- What you are asked to do -
With the images left out, print all of the records below exactly.

- Records supplied -
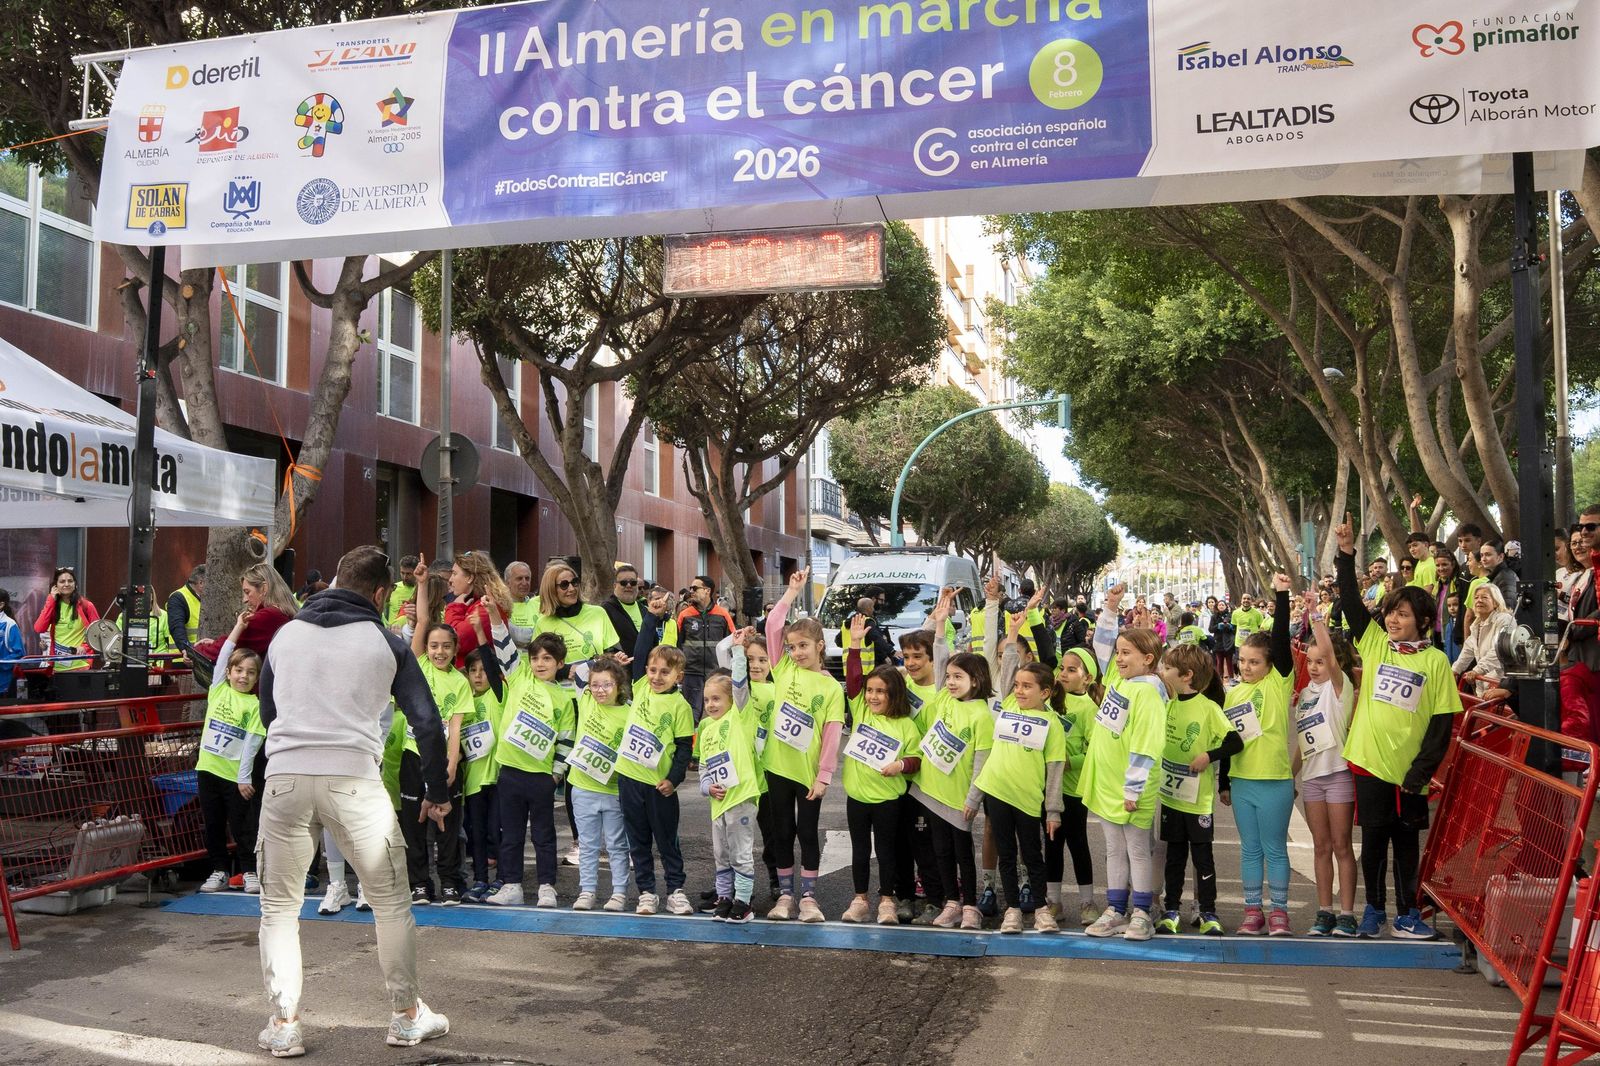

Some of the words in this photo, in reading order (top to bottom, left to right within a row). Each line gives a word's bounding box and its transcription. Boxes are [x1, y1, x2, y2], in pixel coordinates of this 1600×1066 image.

[1472, 11, 1574, 28] FUNDACIÓN
[336, 38, 390, 47] TRANSPORTES
[478, 32, 506, 77] II
[513, 8, 744, 72] Almería
[760, 7, 835, 48] en
[1472, 24, 1580, 52] primaflor
[1177, 47, 1248, 72] Isabel
[1255, 44, 1342, 66] Alonso
[192, 56, 260, 86] deretil
[1053, 51, 1078, 88] 8
[499, 86, 686, 141] contra
[706, 71, 765, 121] el
[783, 62, 1005, 116] cáncer
[1048, 88, 1083, 100] Febrero
[1468, 88, 1529, 104] Toyota
[1196, 103, 1336, 135] LEALTADIS
[1469, 106, 1539, 122] Alborán
[1544, 103, 1597, 118] Motor
[400, 131, 422, 141] 2005
[968, 122, 1043, 139] asociación
[1045, 117, 1107, 135] española
[970, 140, 1014, 154] contra
[1016, 137, 1029, 151] el
[1031, 135, 1079, 149] cáncer
[1226, 130, 1305, 146] ABOGADOS
[124, 147, 170, 160] ALMERÍA
[136, 159, 160, 167] CIUDAD
[970, 159, 989, 170] en
[992, 153, 1049, 169] Almería
[733, 145, 821, 182] 2026
[342, 182, 429, 199] UNIVERSIDAD
[495, 168, 668, 196] #TodosContraElCáncer
[135, 207, 146, 218] DE
[149, 206, 181, 218] CABRAS
[341, 199, 360, 213] DE
[363, 195, 427, 211] ALMERÍA
[1, 420, 178, 495] ndolamta
[1378, 678, 1413, 699] 570
[514, 723, 549, 751] 1408
[781, 719, 802, 737] 30
[1011, 722, 1033, 737] 19
[213, 733, 234, 748] 17
[464, 736, 482, 752] 16
[1304, 731, 1315, 745] 6
[629, 738, 654, 760] 578
[856, 739, 888, 761] 485
[928, 733, 957, 764] 1455
[575, 746, 612, 774] 1409
[1165, 773, 1185, 790] 27

- Problem solution -
Some of the words in this photo, in reading order (top to bottom, left to right within a row). Each line gives a word's bounding box and its transcription. Boxes are [x1, y1, x2, y2], in pixel coordinates of this 1600×1066 image.

[1472, 11, 1574, 28] FUNDACIÓN
[336, 38, 390, 47] TRANSPORTES
[478, 32, 506, 77] II
[513, 8, 744, 72] Almería
[760, 7, 835, 48] en
[1472, 24, 1580, 52] primaflor
[1177, 47, 1248, 72] Isabel
[1255, 44, 1342, 66] Alonso
[192, 56, 260, 86] deretil
[1053, 51, 1078, 88] 8
[499, 86, 686, 141] contra
[706, 71, 765, 121] el
[783, 62, 1005, 116] cáncer
[1048, 88, 1083, 100] Febrero
[1468, 88, 1529, 104] Toyota
[1196, 103, 1336, 135] LEALTADIS
[1469, 106, 1539, 122] Alborán
[1544, 103, 1597, 118] Motor
[400, 131, 422, 141] 2005
[968, 122, 1043, 139] asociación
[1045, 117, 1107, 135] española
[970, 140, 1014, 154] contra
[1016, 137, 1029, 151] el
[1031, 135, 1079, 149] cáncer
[1226, 130, 1305, 146] ABOGADOS
[124, 147, 170, 160] ALMERÍA
[136, 159, 160, 167] CIUDAD
[970, 159, 989, 170] en
[992, 153, 1049, 169] Almería
[733, 145, 821, 182] 2026
[342, 182, 429, 199] UNIVERSIDAD
[495, 168, 668, 196] #TodosContraElCáncer
[135, 207, 146, 218] DE
[149, 206, 181, 218] CABRAS
[341, 199, 360, 213] DE
[363, 195, 427, 211] ALMERÍA
[1, 420, 178, 495] ndolamta
[1378, 678, 1413, 699] 570
[514, 723, 549, 751] 1408
[781, 719, 802, 737] 30
[1011, 722, 1033, 737] 19
[213, 733, 234, 748] 17
[464, 736, 482, 752] 16
[1304, 731, 1315, 745] 6
[629, 738, 654, 760] 578
[856, 739, 888, 761] 485
[928, 733, 957, 764] 1455
[575, 746, 612, 774] 1409
[1165, 773, 1185, 790] 27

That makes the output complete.